Humainement normal. Le désir de transmission (à ses enfants, à ses élèves, aux générations futures) est une composante fondamentale des désirs humains. Il faut être bien malade pour ne pas l'éprouver. Les enseignants ordinaires sont donc au cœur de cette normalité anthropologique. Ils sont un des grands axes de la conservation sociale, au meilleur sens du terme. Le désir de réparation suppose lui que l'on ait ... quelque chose à réparer. Ou plus exactement, puisque l'on a tous "un peu" quelque chose à réparer, que l'on ait
beaucoup à réparer, suffisamment pour passer une partie de sa vie à ça. Ce désir est donc loin, dans sa force en tous cas, d'être universel, "normal". Les gens "sans histoire", généralement, ne l'éprouvent pas, ne le comprennent même pas, et c'est normal. À l'autre extrême, les personnes trop souffrantes n'ont pas la distance nécessaire pour être capables de réparer les autres, ni même pour en éprouver le désir - comme Claire l'a justement remarqué, et comme noesis l'a ouvertement signifié. Eux ont plus besoin de se réchauffer à la norme des autres, fût-ce leurs élèves, qu'à se plonger encore dans les affres !

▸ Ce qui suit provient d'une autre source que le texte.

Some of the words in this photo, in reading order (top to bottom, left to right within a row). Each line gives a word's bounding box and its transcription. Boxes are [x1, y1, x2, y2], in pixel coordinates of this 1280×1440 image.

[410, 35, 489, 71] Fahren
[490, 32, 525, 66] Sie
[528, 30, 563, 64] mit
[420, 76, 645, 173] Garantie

Institutionnellement normal. Il est bon que les élèves "ordinaires" aient affaire à des enseignants "ordinaires", qui vont les supposer "ordinaires" et les traiter "ordinairement". Il est peu souhaitable qu'ils aient affaire à des écorchés qui seraient à l'affût de leur moindre plaie, cela tendrait à les fragiliser plutôt qu'à les consolider. Tout comme il est bon que le "corps enseignant" comprenne des enseignants spécialisés, sensibles à ceux que leurs collègues tendent à tenir trop à distance. Je pense d'ailleurs pour ma part qu'il existe une catégorie d'enfants très délaissés à l'école et au collège : ce sont les enfants "brillants", qui rencontrent rarement des enseignants qui leur font écho - sauf parfois, paradoxe apparent, certains enseignants spécialisés...

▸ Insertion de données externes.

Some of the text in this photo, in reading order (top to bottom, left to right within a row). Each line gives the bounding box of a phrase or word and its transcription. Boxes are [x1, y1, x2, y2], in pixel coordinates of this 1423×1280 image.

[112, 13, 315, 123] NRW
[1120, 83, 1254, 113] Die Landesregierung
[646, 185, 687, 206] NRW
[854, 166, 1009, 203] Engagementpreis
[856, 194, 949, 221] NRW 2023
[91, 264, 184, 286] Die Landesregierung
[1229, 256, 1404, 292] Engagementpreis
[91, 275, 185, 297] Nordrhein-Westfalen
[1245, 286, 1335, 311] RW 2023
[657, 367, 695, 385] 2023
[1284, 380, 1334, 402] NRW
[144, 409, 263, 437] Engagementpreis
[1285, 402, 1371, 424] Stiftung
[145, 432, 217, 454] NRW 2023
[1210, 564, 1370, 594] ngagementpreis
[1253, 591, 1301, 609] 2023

Les idéologues de l'intégration qui voudraient voir disparaître les enseignants spécialisés au profit d'une formation de tous les enseignants à l'accueil des élèves handicapés commettent une lourde erreur. Formés ou pas, les enseignants ordinaires sont et resteront des enseignants psychologiquement organisés autour des plaisirs de la transmission réussie. La disparition des enseignants spécialisés ne pourrait que laisser les élèves handicapés ou en grande difficulté encore plus "loin", encore plus isolés psychologiquement, quelle que soit la "bienveillance" ou la "technicité" des enseignants bien "formés"...
Pour ma part, je souhaite à
noesis d'éprouver les joies ordinaires de l'enseignement, de panser là ses blessures. Quitte à, plus tard, se retourner vers ses petits frères et sœurs du malheur, quand elle en aura la force, si tant est qu'elle en éprouve un jour le désir. On a aussi le droit à l'oubli.